#### Data to use
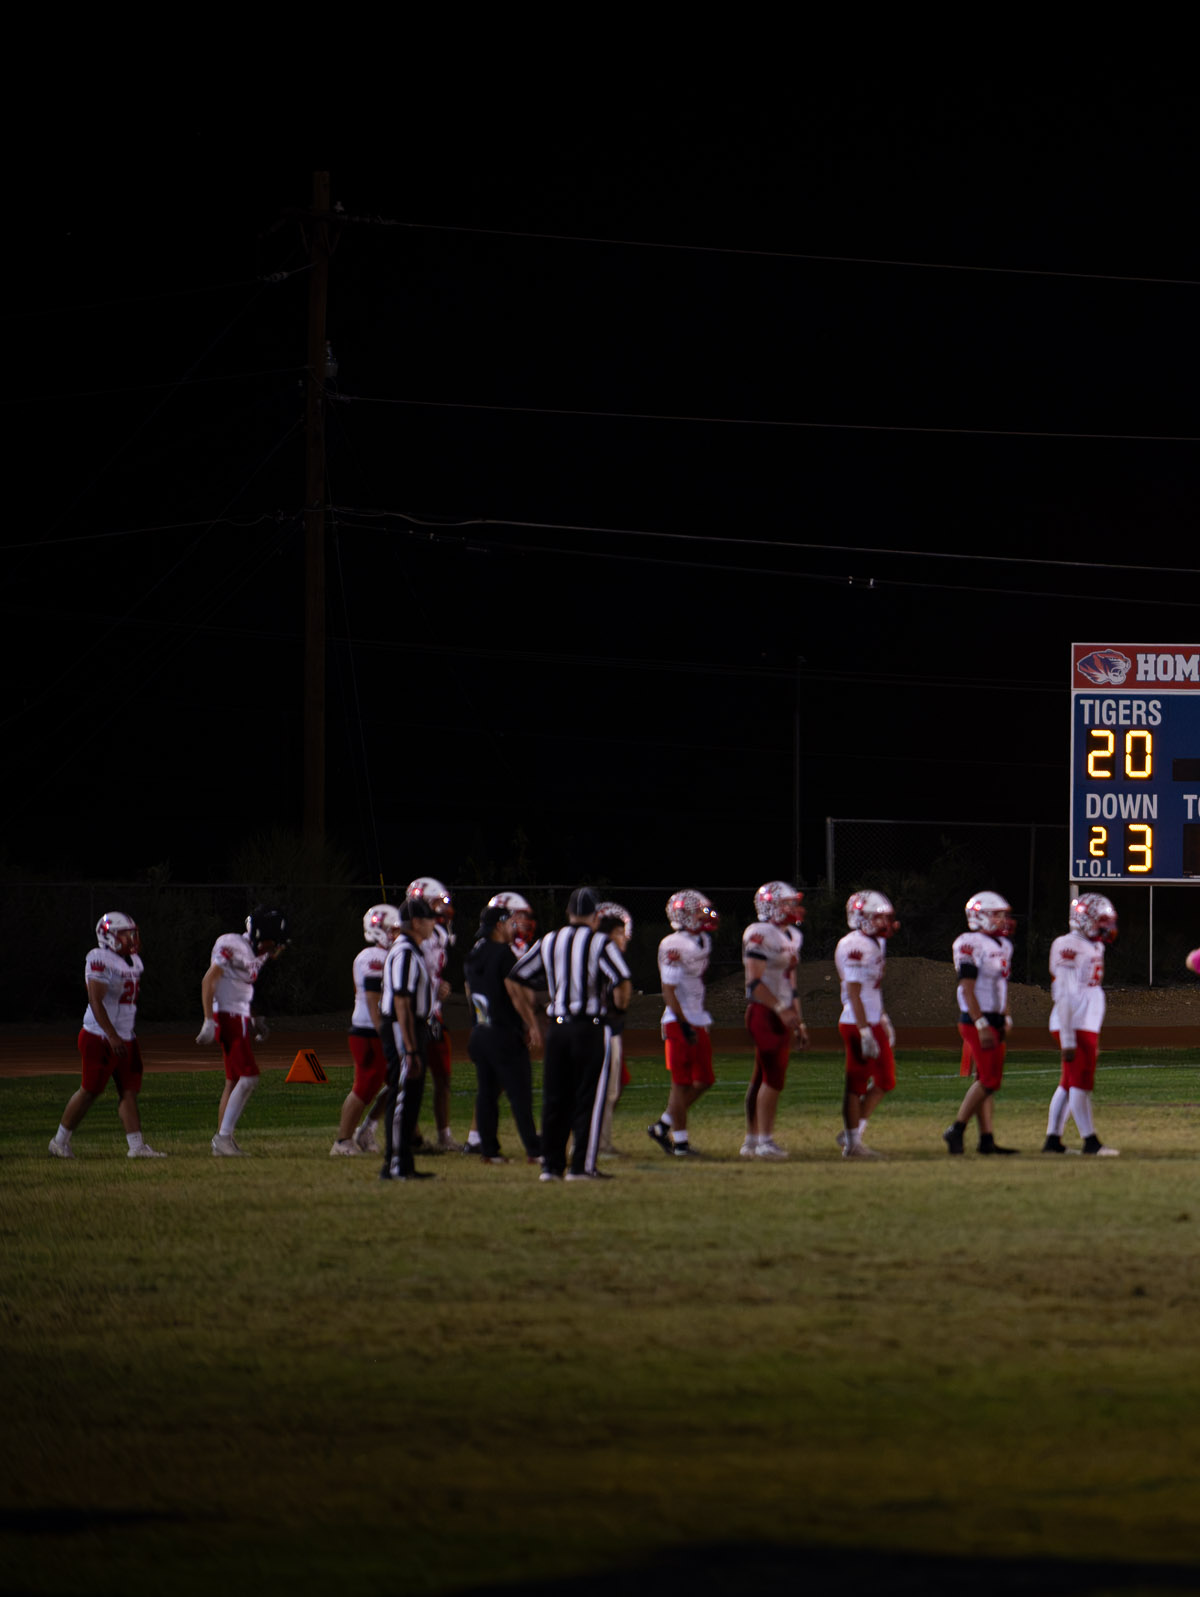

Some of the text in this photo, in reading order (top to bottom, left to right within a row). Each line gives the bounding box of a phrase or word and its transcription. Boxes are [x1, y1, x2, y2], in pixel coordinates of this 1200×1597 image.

[1079, 699, 1163, 726] TIGERS
[1087, 729, 1153, 778] 20
[1085, 793, 1158, 820] DOWN
[1088, 826, 1107, 857] 2
[1127, 823, 1153, 873] 3
[1076, 859, 1122, 878] T.O.L.
[304, 1054, 327, 1081] 10

#### Exercise aim
Pictures must be left out when the records are transcribed exactly.

#### Solution to this problem
Some of the text in this photo, in reading order (top to bottom, left to right within a row). Each line gives the bounding box of a phrase or word and its transcription. Boxes are [x1, y1, x2, y2], in pixel coordinates of this 1200×1597 image.

[1079, 699, 1163, 726] TIGERS
[1087, 729, 1153, 778] 20
[1085, 793, 1158, 820] DOWN
[1088, 826, 1107, 857] 2
[1127, 823, 1153, 873] 3
[1076, 859, 1122, 878] T.O.L.
[304, 1054, 327, 1081] 10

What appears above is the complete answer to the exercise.